Microbreweries, or craft breweries as they are sometimes called, are extremely popular in Connecticut. There are dozens upon dozens of microbreweries, brewpubs and contract brewers representing more than $569 million in craft beer revenue. There are more brewing companies in the planning stages, and if you are about to join that group, here are a few items you should have on your to-do list.
You will obviously need to have enough money to open this or any other business, so start listing all the different elements surrounding your intended microbrewery to arrive at a reasonable estimate. Experts recommend that you figure on 30 percent more than you think you need – call it contingency cash. Sources for financing include family, friends, investors, banks and even crowd sourcing.
Plan of action
It is essential that you have a plan for your business. Determine the layout of the brewery. Start with simple production goals: offsite distribution versus pub revenue, for example. Connecticut allows small breweries to sell directly to retailers, the results of which should figure into your income goals. Make strategic plans for the first year of business, then for five years out. Remember to figure in your staff needs and marketing requirements. As your business grows, the metrics will become more complex, so it is wise to have a firm foundation starting out.
Back office expertise
You may know how to manage the production side of your craft brewery, b ut you are also going to need back office expertise. Do not entrust this kind of work to just anybody; what you need is a competent bookkeeper, someone who is not only good at accounts payable and receivable, but who will also keep up with compliance and any emerging regulations.

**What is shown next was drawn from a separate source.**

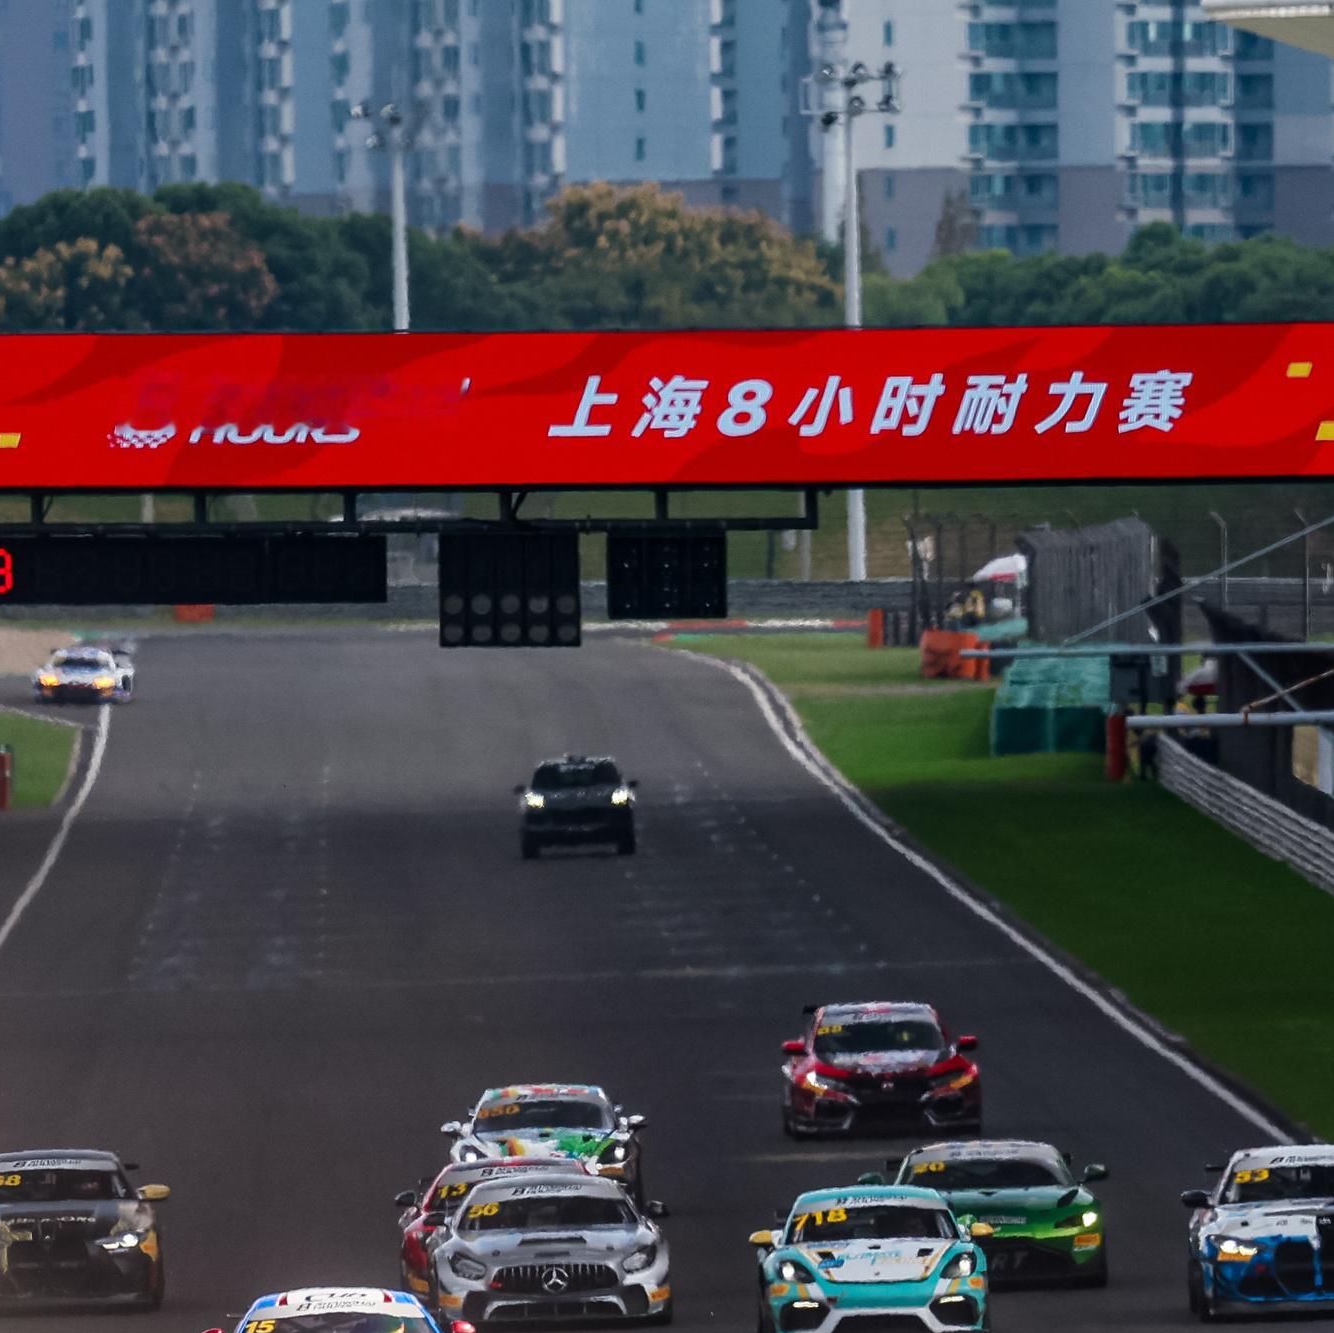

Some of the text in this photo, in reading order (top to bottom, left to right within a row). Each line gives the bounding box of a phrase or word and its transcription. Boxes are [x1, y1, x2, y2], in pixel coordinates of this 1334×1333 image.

[548, 368, 1195, 438] 上海8小时耐力赛
[438, 1184, 468, 1198] 13
[794, 1207, 848, 1231] 718

Happiness for the owner of a craft brewery is a loyal customer base. Think about the type of culture you want to establish, the type of customers you want to attract. Culture will evolve from the kind of marketing you do to the employees you hire, to the whole atmosphere of your craft brewery. If the people like what you have to offer, they will come – and your culture will be defined.
Assemble your team
You may already have a partner, perhaps some investors, a few hand-picked advisors who know something about business start-ups and an accountant. When you are planning to open a microbrewery of your own, you will also need an experienced attorney to help with your business plan and ensure that you are in compliance with state laws and regulations.